*Exercise directions*
Please set down, exactly as written, the line containing "Some of the text" and every line after it through the end of the records.

(Beginning of Records provided)

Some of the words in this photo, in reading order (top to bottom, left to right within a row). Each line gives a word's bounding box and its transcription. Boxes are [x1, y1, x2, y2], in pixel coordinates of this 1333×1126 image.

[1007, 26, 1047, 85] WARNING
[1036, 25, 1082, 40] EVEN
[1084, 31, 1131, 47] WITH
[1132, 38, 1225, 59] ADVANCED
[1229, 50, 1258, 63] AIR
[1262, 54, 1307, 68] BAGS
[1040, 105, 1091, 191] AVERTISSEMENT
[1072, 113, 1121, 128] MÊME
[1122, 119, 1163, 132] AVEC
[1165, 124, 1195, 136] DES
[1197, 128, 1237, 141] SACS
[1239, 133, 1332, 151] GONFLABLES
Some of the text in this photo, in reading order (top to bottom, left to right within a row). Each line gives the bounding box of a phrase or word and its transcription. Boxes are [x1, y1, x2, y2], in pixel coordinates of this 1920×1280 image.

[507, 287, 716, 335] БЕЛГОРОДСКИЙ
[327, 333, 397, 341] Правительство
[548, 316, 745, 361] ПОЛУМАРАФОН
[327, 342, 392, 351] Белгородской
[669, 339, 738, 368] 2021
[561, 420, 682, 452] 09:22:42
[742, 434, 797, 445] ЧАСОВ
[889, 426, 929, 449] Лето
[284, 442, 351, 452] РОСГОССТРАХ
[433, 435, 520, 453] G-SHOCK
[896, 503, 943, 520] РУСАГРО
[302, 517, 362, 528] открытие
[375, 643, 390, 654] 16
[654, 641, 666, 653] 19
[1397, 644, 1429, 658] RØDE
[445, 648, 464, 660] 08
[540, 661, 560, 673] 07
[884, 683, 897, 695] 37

(End of Records provided)

*Result for this task*
Some of the text in this photo, in reading order (top to bottom, left to right within a row). Each line gives the bounding box of a phrase or word and its transcription. Boxes are [x1, y1, x2, y2], in pixel coordinates of this 1920×1280 image.

[507, 287, 716, 335] БЕЛГОРОДСКИЙ
[327, 333, 397, 341] Правительство
[548, 316, 745, 361] ПОЛУМАРАФОН
[327, 342, 392, 351] Белгородской
[669, 339, 738, 368] 2021
[561, 420, 682, 452] 09:22:42
[742, 434, 797, 445] ЧАСОВ
[889, 426, 929, 449] Лето
[284, 442, 351, 452] РОСГОССТРАХ
[433, 435, 520, 453] G-SHOCK
[896, 503, 943, 520] РУСАГРО
[302, 517, 362, 528] открытие
[375, 643, 390, 654] 16
[654, 641, 666, 653] 19
[1397, 644, 1429, 658] RØDE
[445, 648, 464, 660] 08
[540, 661, 560, 673] 07
[884, 683, 897, 695] 37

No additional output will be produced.